Bernadette looks in disbelief at her own hand in the policeman’s grip. He thinks I’m going to get better because he says so, she thinks distantly. He’s as sick as me, sicker. He has no grip on reality at all.

“Leave me alone,” she says aloud. Her breath whistles as she inhales. There is a shallowness in her chest.

The policeman lets go of her hand. He takes a step back and shines the light at her face, so she can’t see him at all. “All right,” he says. His voice is ugly with anger. “If that’s the way you want it. I know your game. You’re too good for me, right? You want to be sick so your precious Virgin can come and heal you. Well, let me tell you something. The Virgin, she doesn’t exist, see? She’s an android. And Earthgov didn’t even send it, either, because Earth’s been a dead planet for years now — they blew themselves up long ago. It was Venusgov that built Mary, to raise morale among the stupid farmer underlings like you. So how do you like that? You just gave up your chance to live for the sake of a machine.”

Bernadette lies alone in the dark as the policeman stamps down the long hallway to the door, slams it behind him. She wonders if anyone else in the whole room is awake. She can’t hear over the sounds of her own gasping breaths. She sucks air into her lungs as hard as she can, but she can’t get enough. That man’s killed me, she realizes. I don’t even want to live now. She tries to convince herself that he was lying, but she can’t do it. He had seemed so confident and she has no energy. Everything is taken up by the need for the next breath, and the next. The Virgin a robot, she thinks. But she wasn’t lying. Made without intercourse. Soldered and hammered, rather. Immaculate Conception.

The room fades, disappearing into black as Bernadette’s strength ebbs. Then there is blinding light. Mary bends down, takes Bernadette in strong metal arms.

“Will you heal me?” Bernadette asks. “Will you take me to Earth?”

“All are healed,” Mary says. “All are taken to Earth.” Around the room, from every bed, the crippled rise dancing on metal limbs, the blind open photoelectric eyes, the mute begin to sing from stereo voice boxes. Mary’s face is a painted mask of tenderness as Bernadette inhales with plastic lungs the poisoned air of Earth.

IV.

Philip K. Dick leaps from his chair, suddenly awake. “I had a dream!” he exclaims. “A dream that all of history had turned into my novels, that I was writing the script of reality!” He blinks twice rapidly, scratches his beard and looks around the room.

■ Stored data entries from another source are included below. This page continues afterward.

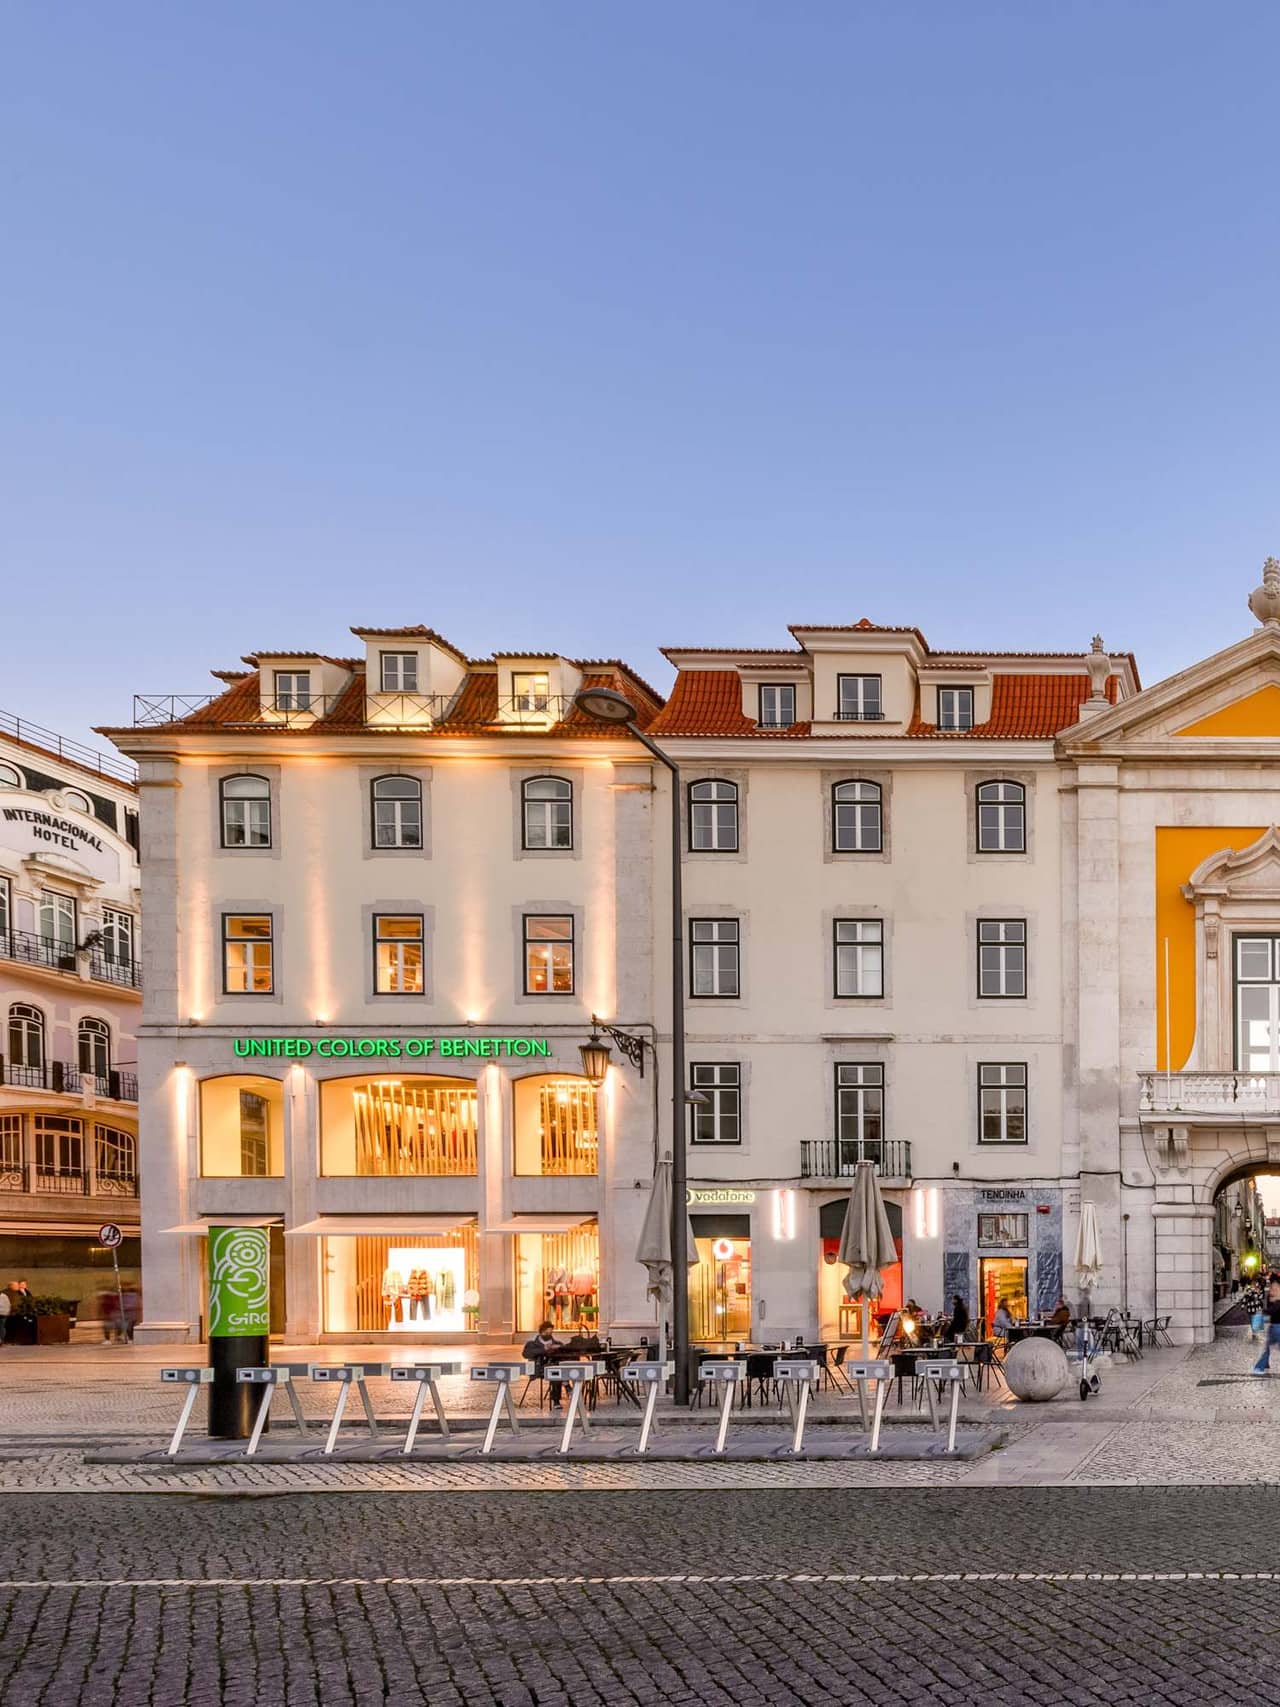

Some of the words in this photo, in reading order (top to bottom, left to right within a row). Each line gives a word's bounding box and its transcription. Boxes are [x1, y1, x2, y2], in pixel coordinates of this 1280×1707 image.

[3, 809, 103, 853] INTERNACIONAL
[33, 826, 79, 851] HOTEL
[234, 1039, 312, 1057] UNITED
[316, 1039, 400, 1057] COLORS
[405, 1039, 434, 1057] OF
[442, 1039, 551, 1057] BENETTON.
[695, 1190, 753, 1202] vodafone
[981, 1190, 1025, 1199] TENDINHA

The party has ground to a tired end; no one is listening to him. Maximilien Robespierre lies unconscious on the couch. Saint Bernadette sits on the bare wood floor, sucking on an unlit hash pipe and staring wide-eyed at the toe of her shoe. Immanuel Kant leans on a broken lamp, wearing underwear, socks, and an expression of dazed befuddlement.

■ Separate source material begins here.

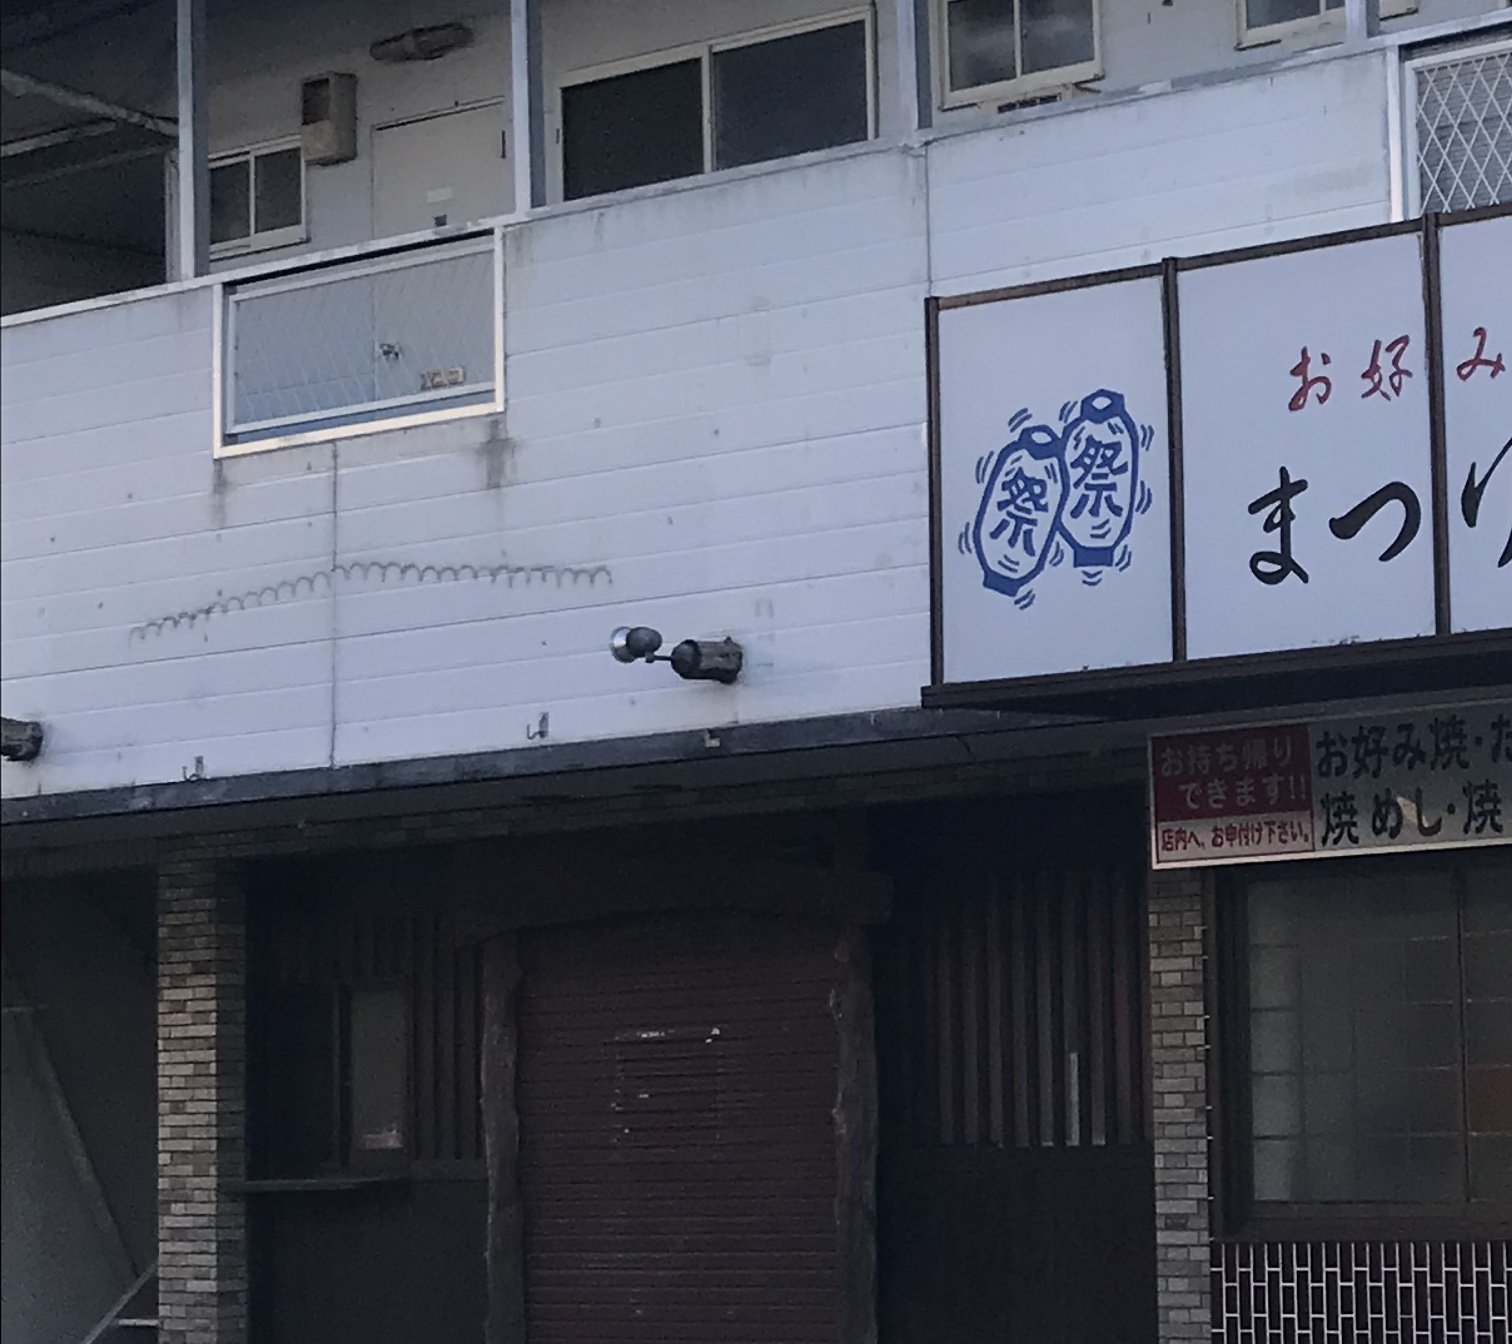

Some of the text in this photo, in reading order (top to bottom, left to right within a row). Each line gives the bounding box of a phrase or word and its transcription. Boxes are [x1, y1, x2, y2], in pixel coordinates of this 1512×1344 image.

[986, 466, 1053, 561] 祭
[1066, 436, 1134, 523] 祭
[1160, 735, 1293, 777] お持ち帰り

Phil isn’t discouraged. He raises his voice, waves his arms, downs a fistful of amphetamines. “So what that means,” he shouts, “is that when I die is the Apocalypse, when I stop writing for a moment everything stops! We’re not even here right now since I’m not at the typewriter!”

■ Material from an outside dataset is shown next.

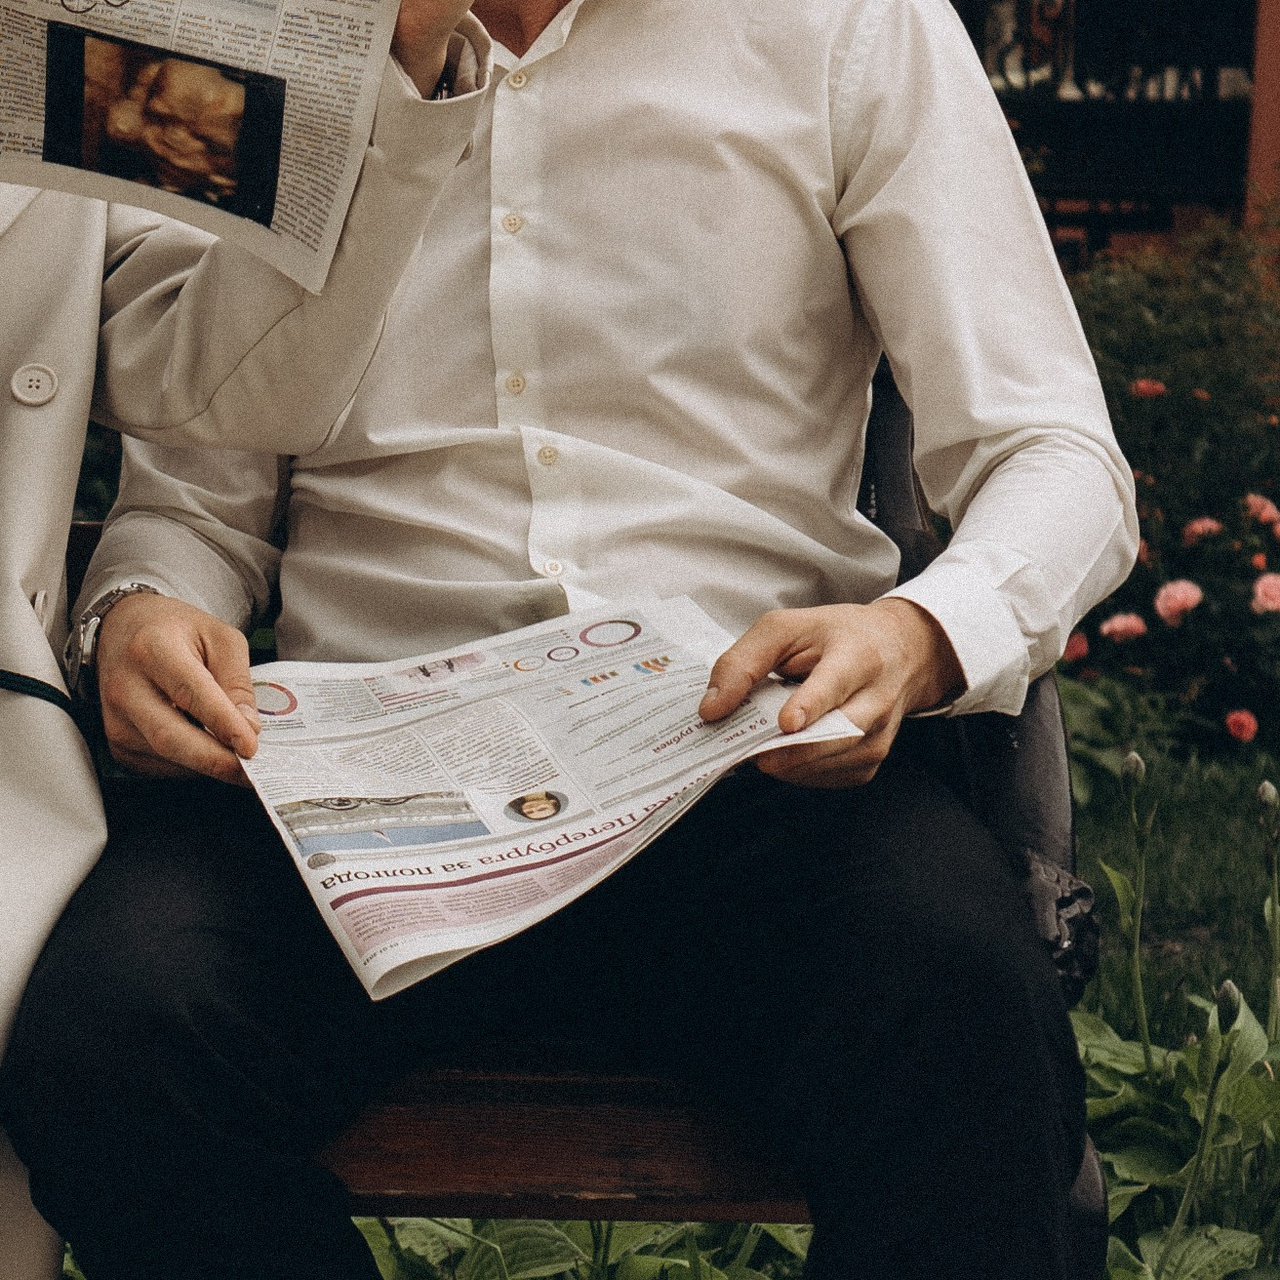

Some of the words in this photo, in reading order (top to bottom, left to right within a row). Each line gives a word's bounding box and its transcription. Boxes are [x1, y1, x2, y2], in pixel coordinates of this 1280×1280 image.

[652, 726, 694, 755] рублей
[477, 812, 639, 866] Петербурга
[320, 866, 436, 890] полгода
[440, 860, 472, 874] за

Kant lets go of the lamp, crosses his arms on his chest, shouts something inarticulate and falls to the floor with a crash. Friedan has woken up and is making a vague effort to roll Robespierre off the couch. Bernadette begins coughing violently.

Phil bites his lip. He looks from Kant to Bernadette to Robespierre to Friedan. “Don’t go anywhere,” he says. “I have to get going…got work to do, got to bring you all into being!” But he doesn’t leave. Instead he takes two hesitant steps forward and squats down beside Bernadette. She is still coughing. “Stop that,” he pleads. Instead she coughs harder, bending so far forward that her face almost touches the ground. The hash pipe falls from her fingers and the burnt ashes jump from the bowl, scatter across the floor. Phil stares at them helplessly. They look like a burning spaceship, a metal hand, a frightening alien face. Still he keeps looking, desperately hoping to find some pattern beyond indifference and pain, some way to create the world.